= Mario Peláez-Fernández =

Mario Peláez-Fernández is a science communicator best known in role as drag queen Sassy Science (or Crisis Artrítica to Spanish audiences).

== Sassy Science ==
Sassy Science is a drag queen disseminator of science and makes appearances wearing a crown and matching dress with the pattern of graphene.

Sassy Science has created YouTube videos about underrepresented minorities in STEM. Her channel has 3 main categories: "Why the hell am I doing this", "Queens who were robbed" and "Queens of today". "Queens who were robbed" focuses on members of the STEM community who did not receive academic recognition for a variety of reasons, including unfair prejudice. Lise Meitner, Rosalind Franklin and Hedy Lamarr are people featured on this series.

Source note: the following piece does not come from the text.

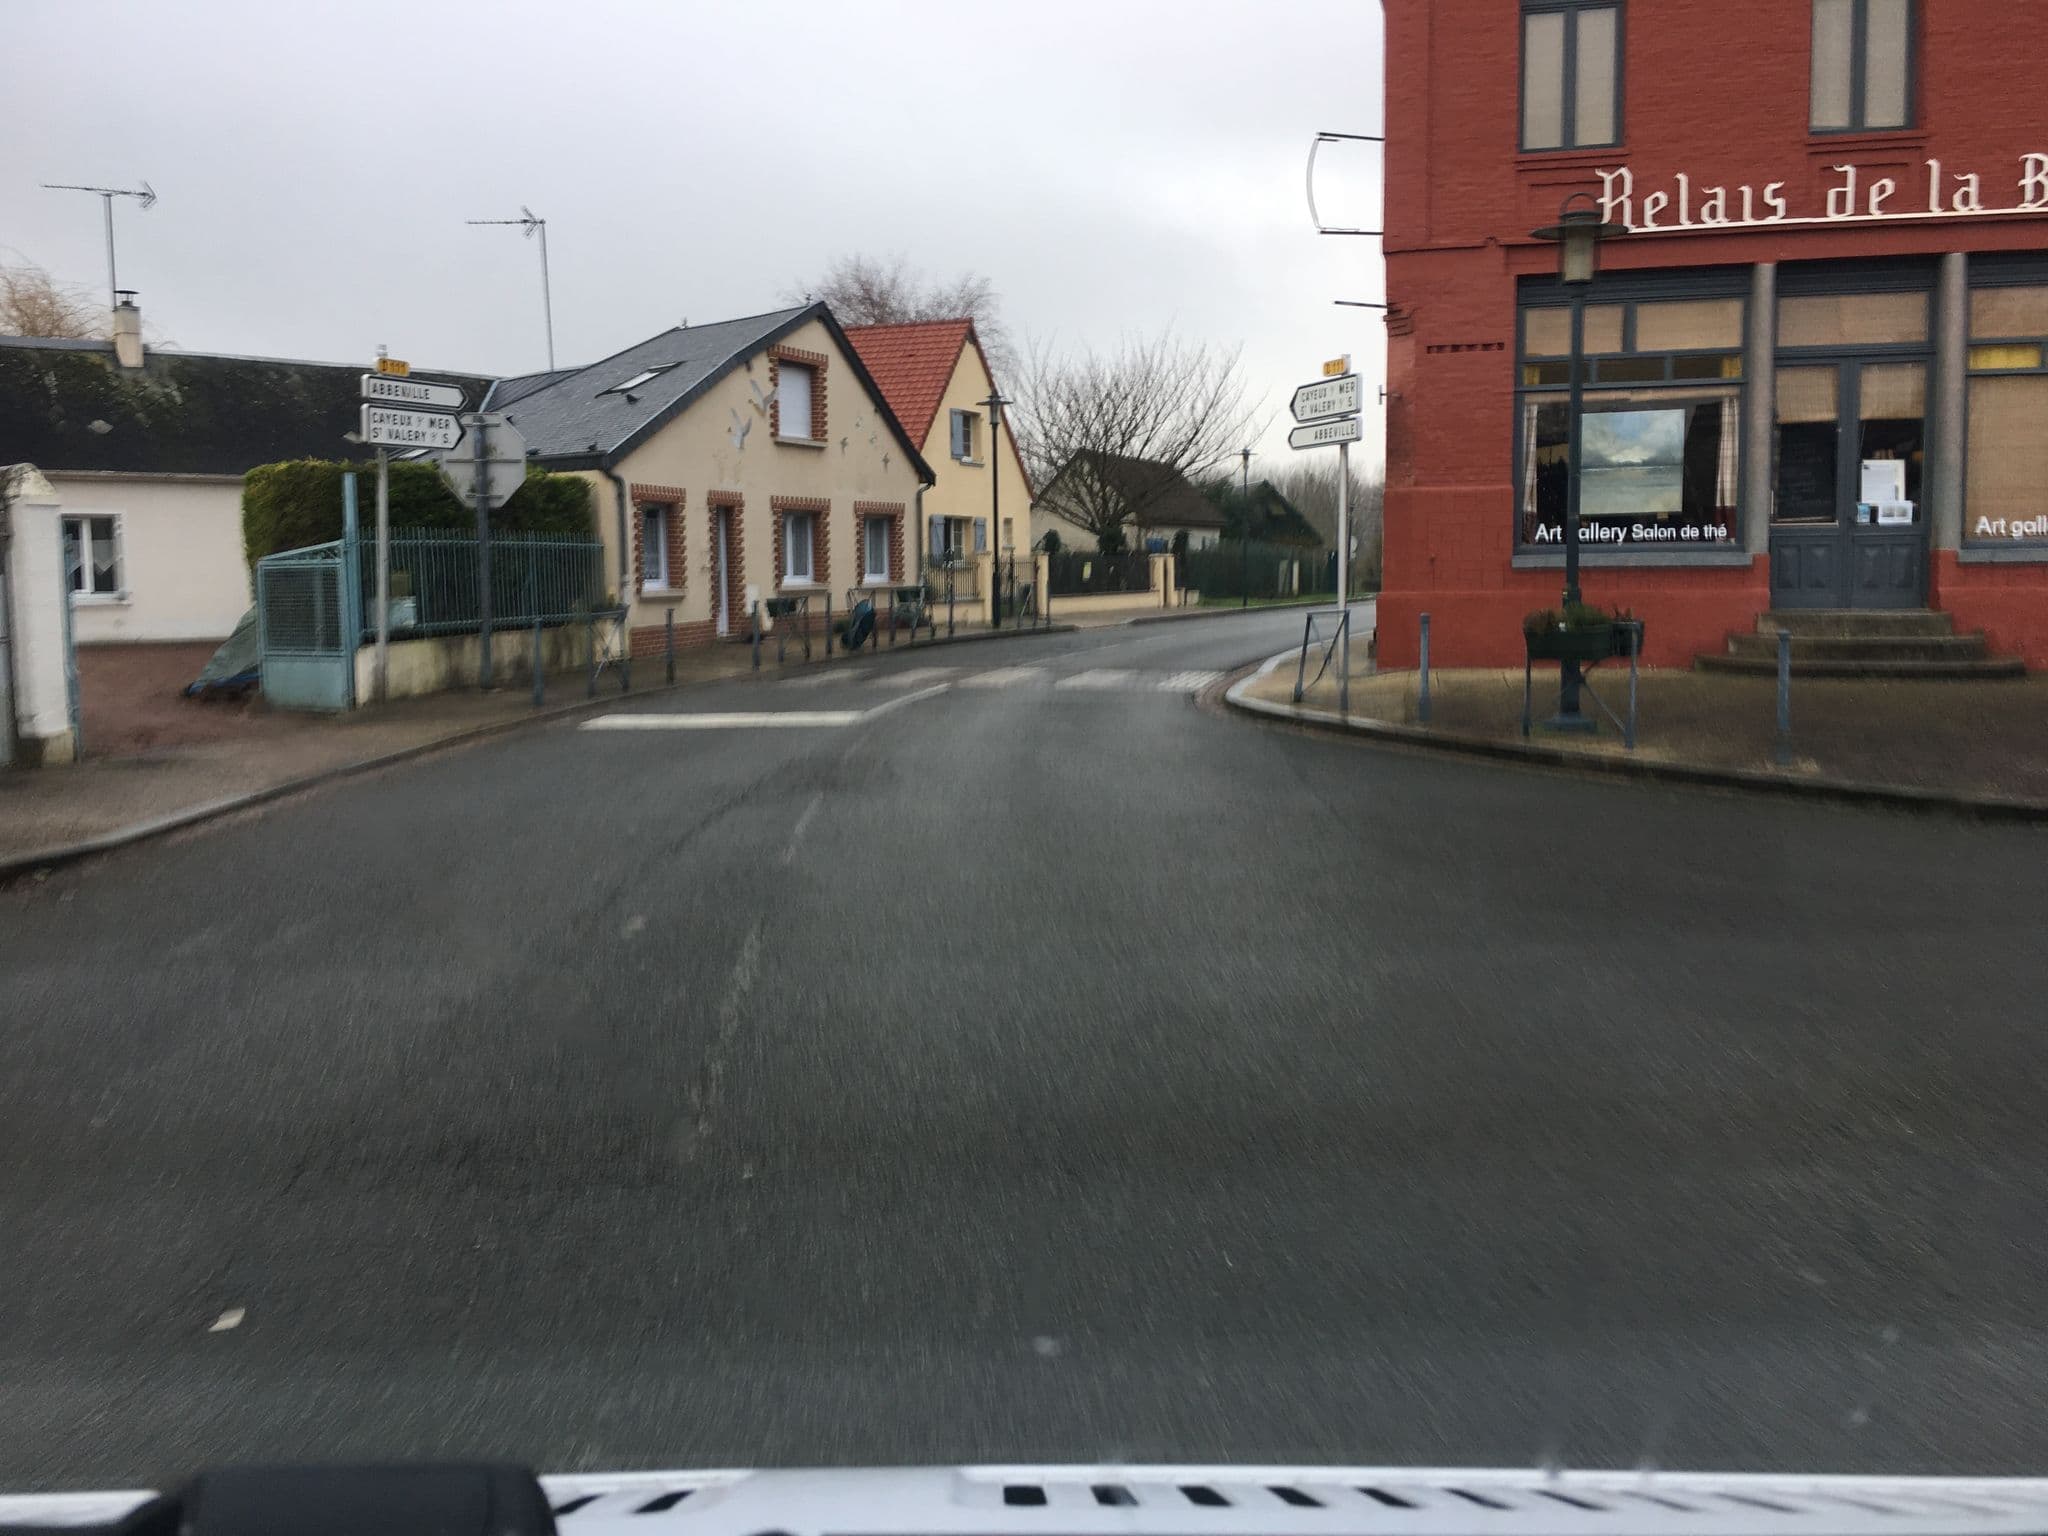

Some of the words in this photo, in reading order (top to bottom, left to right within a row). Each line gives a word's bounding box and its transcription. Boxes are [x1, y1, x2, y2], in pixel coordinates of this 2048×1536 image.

Sassy Science reached the semi-finals of the FameLab España 2019 science communication challenge. As part of the semi-finals, she performed a stand-up routine lasting five minutes. This routine was in front of a large audience and was also broadcast online.

In April 2019, films made by Sassy Science were screened at the Asturias Festival de Cine LGBTIQ.

In July 2019, Sassy Science was invited to perform at the Madrid launch of PRISMA (Asociación para la Diversidad Afectivo-Sexual y de Género en Ciencia, Tecnologia e Innovación), a Spanish organisation founded to increase the visibility of LGBT people in science, technology and innovation.

== Education ==
Peláez-Fernández got a degree in Physics at the University of Oviedo. An Erasmus scholarship enabled him to complete his final year at the University of Paris-Sud (now a section of Paris-Saclay) between 2013 and 2015. He completed his thesis in the Labatoire de Physique de Solides in Orsay, analysing their STEM images.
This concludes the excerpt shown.